*** Records shown

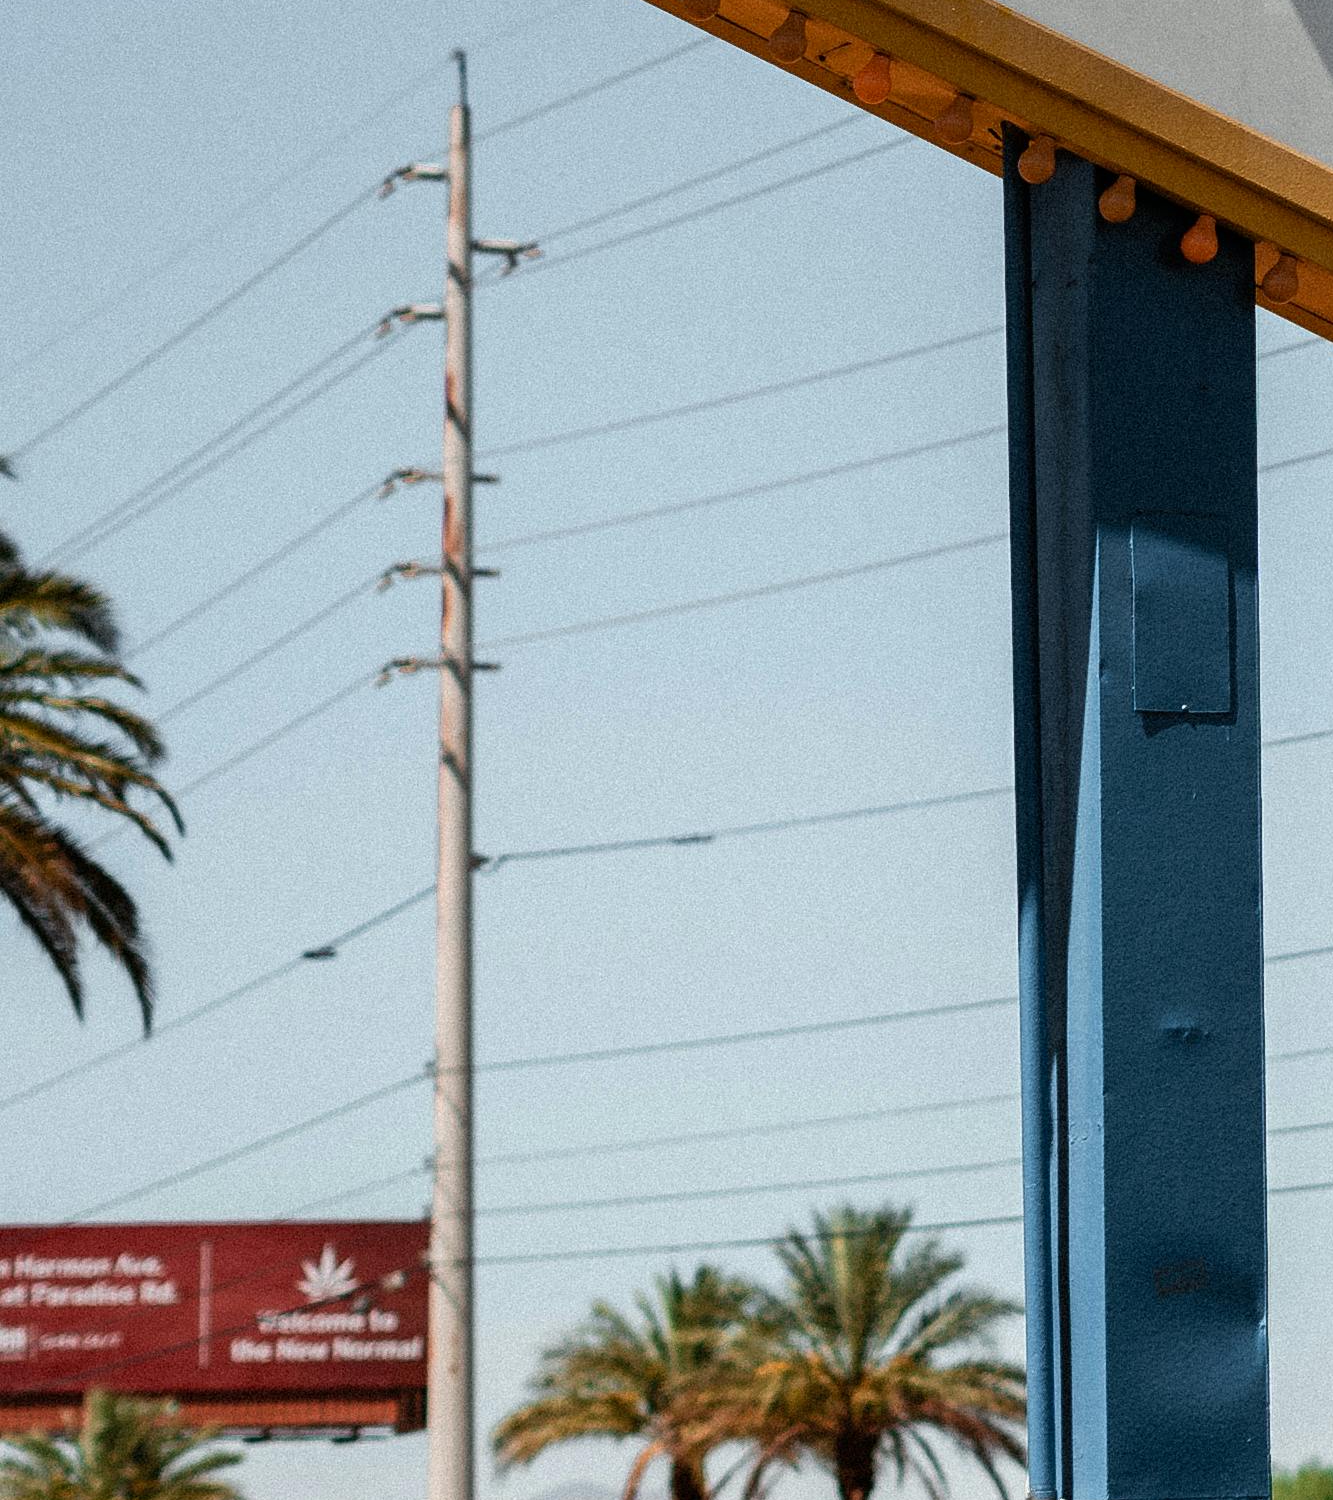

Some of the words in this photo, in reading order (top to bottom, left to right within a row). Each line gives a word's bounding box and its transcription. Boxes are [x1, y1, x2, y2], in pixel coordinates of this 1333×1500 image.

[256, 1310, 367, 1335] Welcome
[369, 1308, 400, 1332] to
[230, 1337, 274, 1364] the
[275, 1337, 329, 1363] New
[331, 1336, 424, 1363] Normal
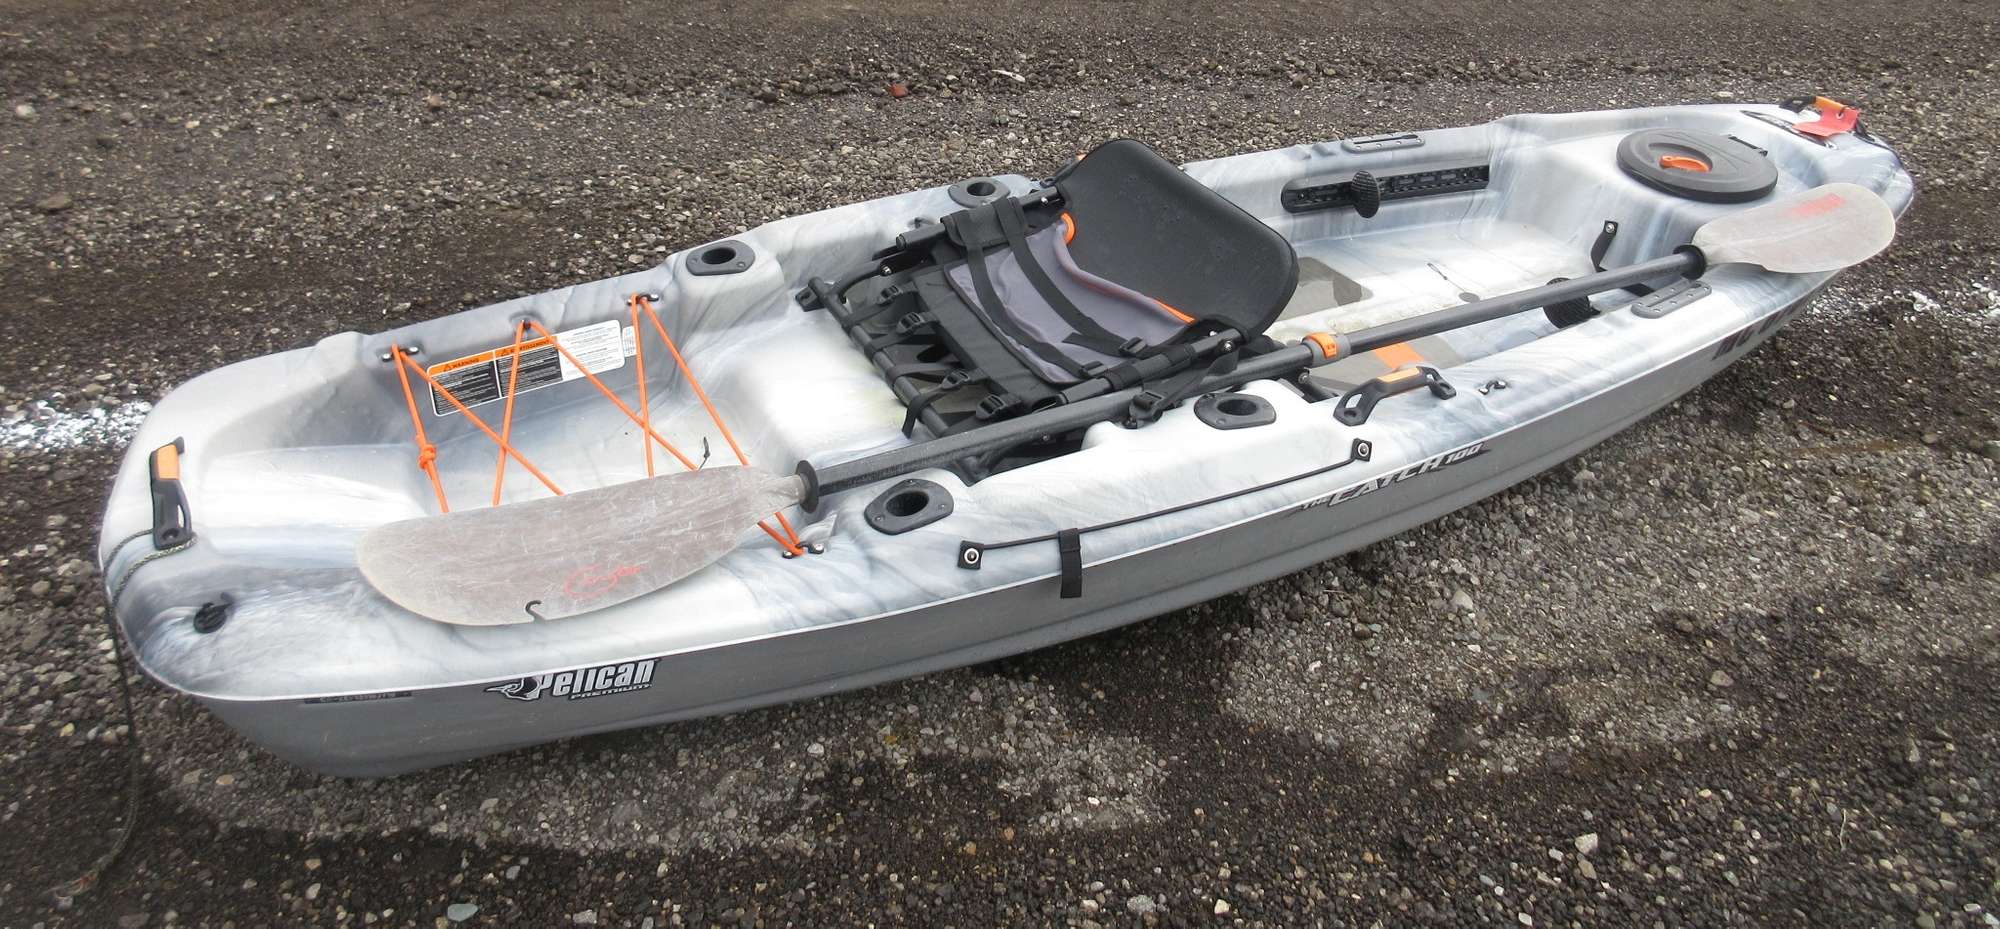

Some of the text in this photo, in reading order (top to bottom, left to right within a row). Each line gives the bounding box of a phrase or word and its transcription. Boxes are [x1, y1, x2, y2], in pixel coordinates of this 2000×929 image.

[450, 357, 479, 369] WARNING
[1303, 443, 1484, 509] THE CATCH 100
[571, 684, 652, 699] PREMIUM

******

In your answer, repeat all the entries exactly, but leave out the pictures.

**Result**.
Some of the words in this photo, in reading order (top to bottom, left to right within a row). Each line gives a word's bounding box and its transcription. Boxes are [x1, y1, x2, y2], in pixel coordinates of this 1333×1500 image.

[256, 1310, 367, 1335] Welcome
[369, 1308, 400, 1332] to
[230, 1337, 274, 1364] the
[275, 1337, 329, 1363] New
[331, 1336, 424, 1363] Normal

Some of the text in this photo, in reading order (top to bottom, left to right within a row). Each line gives the bounding box of a phrase or word and its transcription. Boxes are [x1, y1, x2, y2], in pixel coordinates of this 2000×929 image.

[450, 357, 479, 369] WARNING
[1303, 443, 1484, 509] THE CATCH 100
[571, 684, 652, 699] PREMIUM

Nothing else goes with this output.